Thesis ID: CBB989620319

Mineral Lands, Mineral Empire: Mapping the Raw Materials of US Industrial Capitalism, 1780-1880 (2023)


Who found the raw materials of the industrial revolution and how did they find them? The expansion of industrial capitalism depended on the increasingly intense exploitation of mineral lands. But key industrial resources—coal, copper, iron, and lead—were hidden away within the earth and wasted mining ventures were a hazardous expense. How, then, did capitalists and imperial powers determine which lands could be profitably extracted? In this dissertation, I argue that the United States transformed from a mineral importer to a mineral empire by becoming a patron of the earth sciences and exploiting Indigenous peoples’ knowledge of their territories. Over the course of the long nineteenth century, many US political leaders and men of science saw Indigenous power as the most significant contingency to the realization of industrial political economy and state geologists would guide the twin trajectories of dispossession and US industrial development by providing political leaders with key information about the natural resources embedded within Indigenous lands. Focusing on the copper and iron rich lands of Anishinaabe nations in the Great Lakes region and the lead rich lands of the Sauk, Mesquakie, and Ho-Chunk nations of the Upper Mississippi Valley, I show how geological mapping and dispossession proved critical to the growth of mineral-intensive US industrial manufacturing.
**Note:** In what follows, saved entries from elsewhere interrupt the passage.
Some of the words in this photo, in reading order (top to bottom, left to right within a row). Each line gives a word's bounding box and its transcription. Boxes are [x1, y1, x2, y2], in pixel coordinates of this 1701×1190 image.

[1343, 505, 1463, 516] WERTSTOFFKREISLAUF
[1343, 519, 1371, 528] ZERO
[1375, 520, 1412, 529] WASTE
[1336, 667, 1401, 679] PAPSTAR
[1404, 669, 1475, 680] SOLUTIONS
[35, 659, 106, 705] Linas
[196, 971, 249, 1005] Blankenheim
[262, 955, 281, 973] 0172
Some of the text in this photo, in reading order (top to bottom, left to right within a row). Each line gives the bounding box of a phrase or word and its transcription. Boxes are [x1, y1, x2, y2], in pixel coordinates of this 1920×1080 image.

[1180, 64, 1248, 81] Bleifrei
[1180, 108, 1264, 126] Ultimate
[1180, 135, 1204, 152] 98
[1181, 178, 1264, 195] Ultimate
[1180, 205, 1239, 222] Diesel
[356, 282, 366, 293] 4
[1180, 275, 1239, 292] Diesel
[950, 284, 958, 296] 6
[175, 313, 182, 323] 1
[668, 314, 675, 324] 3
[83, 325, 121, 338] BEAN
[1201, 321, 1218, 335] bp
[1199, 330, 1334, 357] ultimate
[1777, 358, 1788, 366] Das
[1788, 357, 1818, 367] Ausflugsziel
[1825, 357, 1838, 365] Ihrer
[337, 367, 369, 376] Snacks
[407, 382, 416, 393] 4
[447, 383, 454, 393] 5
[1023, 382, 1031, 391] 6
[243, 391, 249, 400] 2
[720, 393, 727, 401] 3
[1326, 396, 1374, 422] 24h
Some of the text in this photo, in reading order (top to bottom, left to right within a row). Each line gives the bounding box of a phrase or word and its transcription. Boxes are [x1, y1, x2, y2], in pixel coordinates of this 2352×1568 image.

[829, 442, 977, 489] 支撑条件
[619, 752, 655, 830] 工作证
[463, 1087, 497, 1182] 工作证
By focusing on the practices and conflicts involved in locating and acquiring resource-rich territories prior to their extraction, this project reveals how the United States became a global industrial power not by discovering abundance within its own territory, but by studying and seizing the mineral wealth of Indigenous nations. The results of this study are salient to the contemporary efforts of Indigenous nations to take back, steward, and receive just compensation for the United States’ historical and ongoing expropriation of their land and wealth.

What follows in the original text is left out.